Como incluir a leitura mesmo com pouco tempo?
Para adultos com rotina acelerada, o segredo está na praticidade. Plataformas como Dormir com Historinhas oferecem histórias originais, curtas e divididas por temas, faixa etária e questões cotidianas. Assim, ninguém fica preso à dúvida de o que escolher ou se a narrativa será interessante.
Com apenas 10 minutos, é possível criar memórias afetivas e ensinar valores que ficam para a vida toda. Além disso, consultar categorias específicas facilita a adaptação para temas como autonomia, adaptação escolar, religião ou enfrentamento de desafios.

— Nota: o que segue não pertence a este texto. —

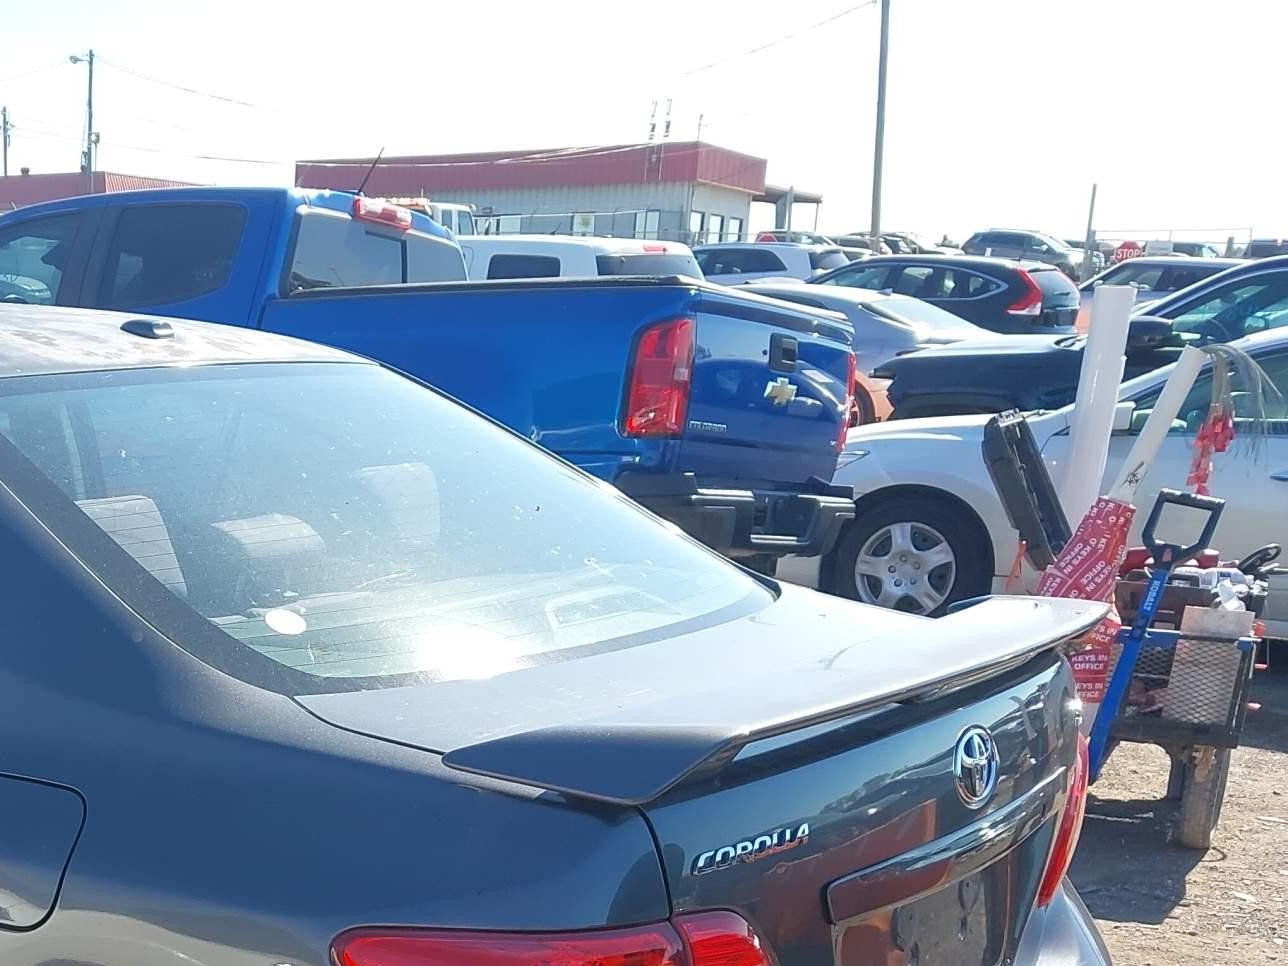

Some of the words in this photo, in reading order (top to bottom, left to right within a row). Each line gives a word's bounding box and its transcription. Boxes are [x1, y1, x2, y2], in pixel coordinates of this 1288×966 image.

[1116, 248, 1141, 259] STOP
[1058, 542, 1083, 568] OFFICE
[1072, 545, 1092, 566] KEYS
[1080, 560, 1106, 585] OFFICE
[1143, 580, 1161, 611] KOBALT
[1072, 654, 1096, 662] KEYS
[1073, 662, 1105, 671] OFFICE
[1076, 682, 1093, 690] EYS
[1077, 690, 1100, 698] FFICE
[692, 822, 810, 876] COROLLA

Para ideias práticas sobre como tornar as transições, como chegada de um novo irmão ou ida ao médico, mais suaves, o artigo rotina de sono infantil traz dicas valiosas.

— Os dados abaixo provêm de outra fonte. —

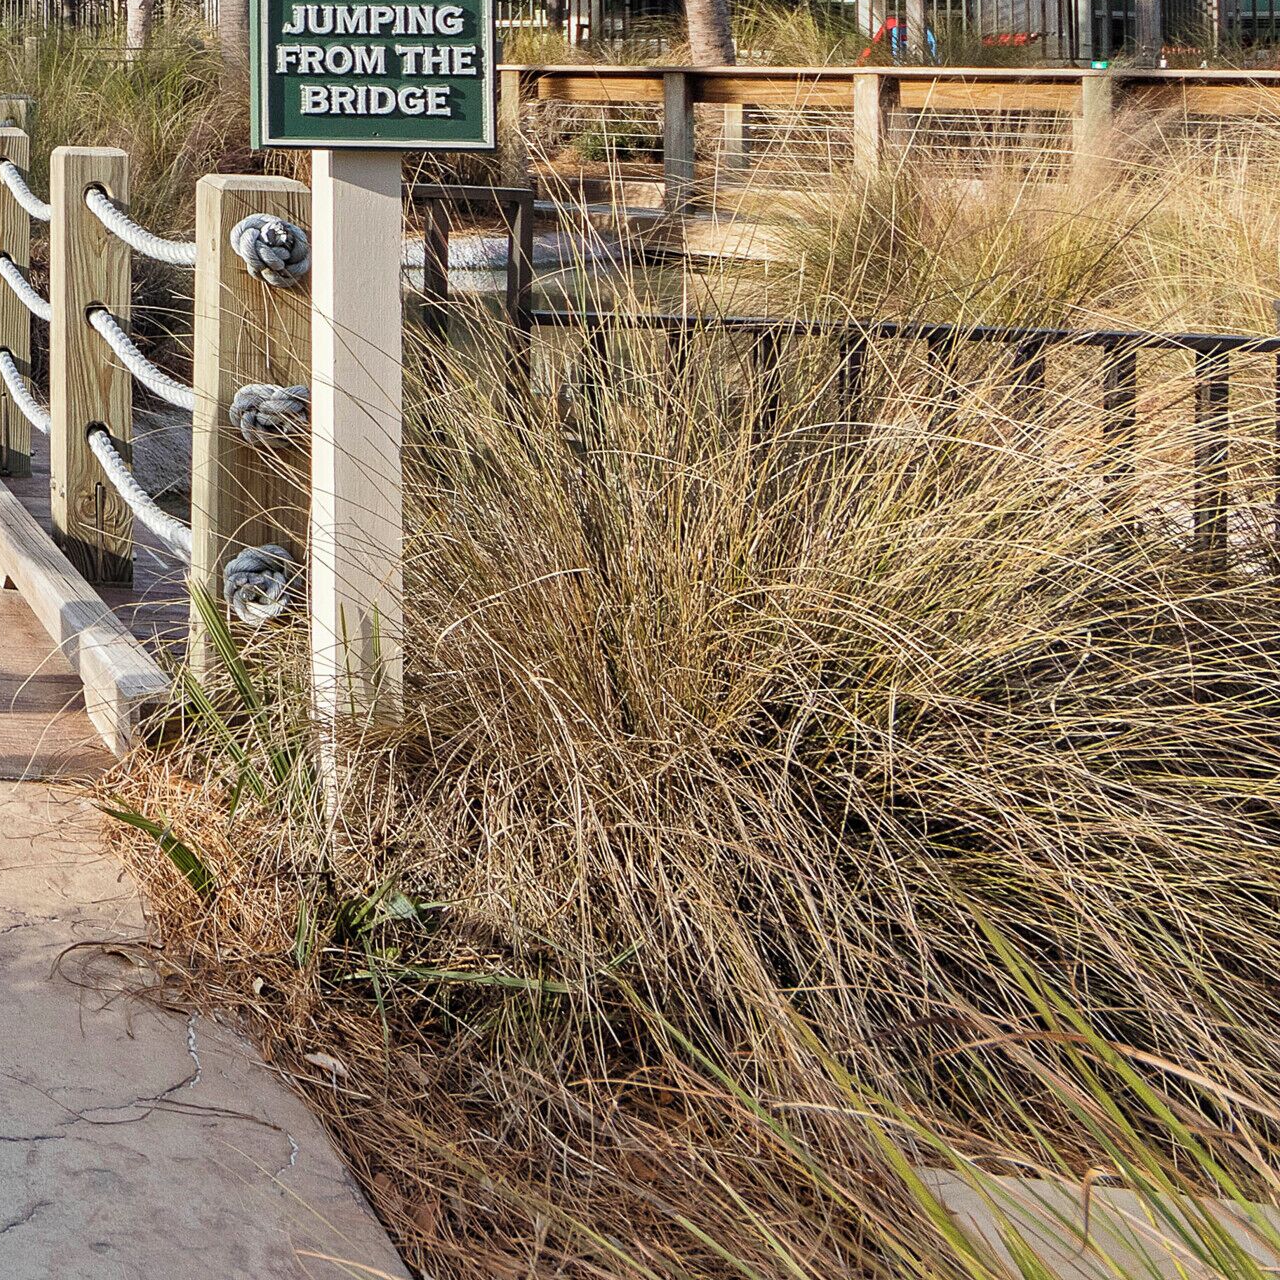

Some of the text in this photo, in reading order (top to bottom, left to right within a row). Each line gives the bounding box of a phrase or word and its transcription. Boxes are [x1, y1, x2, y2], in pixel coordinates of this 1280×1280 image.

[282, 4, 465, 35] JUMPING
[275, 43, 477, 75] FROM THE
[300, 84, 452, 116] BRIDGE

Transformando a experiência, mesmo sem amar ler
Ninguém precisa se sentir pressionado a virar fã de literatura infantil para aproveitar esse momento. O adulto pode até desconfiar, a princípio, que a leitura diária trará algo além do "dever cumprido", mas, com o tempo, tende a perceber pequenas alegrias e aproximações.
A diversidade de temas oferecida por Dormir com Historinhas permite, inclusive, que adultos encontrem narrativas alinhadas aos próprios valores ou curiosidades. Vale lembrar que criatividade e escuta ativa são conquistas tanto da criança quanto de quem lê para ela.
Conclusão
Basta querer estar junto, ainda que a leitura não seja o passatempo preferido. Algumas páginas, uma história envolvente e dez minutos completos de presença podem construir laços que atravessam a infância. Dormir com Historinhas foi criado especialmente para atender famílias reais, com pouco tempo, preferências variadas ou aquela pontinha de resistência à leitura, que querem educar e acolher usando histórias.
Quem busca inspirações para incentivar a autonomia das crianças pode se beneficiar bastante do conteúdo do post sobre brincadeiras de autonomia. Para mais dicas sobre parentalidade consciente, é possível encontrar orientações no blog da plataforma. Experimente incluir essa pausa no seu dia, e descubra como até quem nunca gostou tanto de ler pode fazer a diferença no crescimento do seu filho.
Perguntas frequentes sobre leitura em família
O que fazer se não gosto de ler?
Buscar histórias curtas, bem escritas e pensadas para adultos que não têm o hábito de ler pode transformar o momento em algo leve e agradável. Não é necessário iniciar com grandes livros, algumas páginas bem escolhidas já são suficientes para criar conexão com a criança. Adaptação e escolha do ambiente também ajudam a reduzir o desconforto.
Como incentivar meu filho a ler?
O exemplo ainda conta muito. Mesmo que o adulto leia pouco, demonstrar interesse pelo momento, deixando a criança escolher a história, comentando sobre os personagens ou brincando com as vozes, torna a experiência divertida e desejada. Plataformas que oferecem narrativas envolventes e adequadas à faixa etária facilitam esse processo.
Ler para meu filho faz diferença?
Sim, ouvir histórias fortalece o vínculo, desenvolve a linguagem, imaginação e habilidades emocionais da criança. Além do prazer, a leitura guiada contribui para criar referências afetivas e fortalece valores importantes no dia a dia.
Quais livros são bons para começar?
Prefira histórias curtas e de temas que dialoguem com o universo infantil: sentimentos, amizade, respeito, família, pequenas aventuras. Dá sempre para variar entre temas divertidos e outros que ajudam a criança a trabalhar emoções ou lidar com mudanças. O importante é que a leitura se encaixe na rotina de forma natural e prazerosa.
Como tornar a leitura mais divertida em casa?
Vale criar um ambiente acolhedor, testar diferentes vozes, envolver todos os membros da família e incluir brincadeiras na narração. Repetir as histórias de que a criança mais gosta e fazer pausas para comentários ou perguntas também deixam tudo mais animado. Estabelecer esse momento como ritual colaborativo reforça vínculos e torna a leitura aguardada com alegria.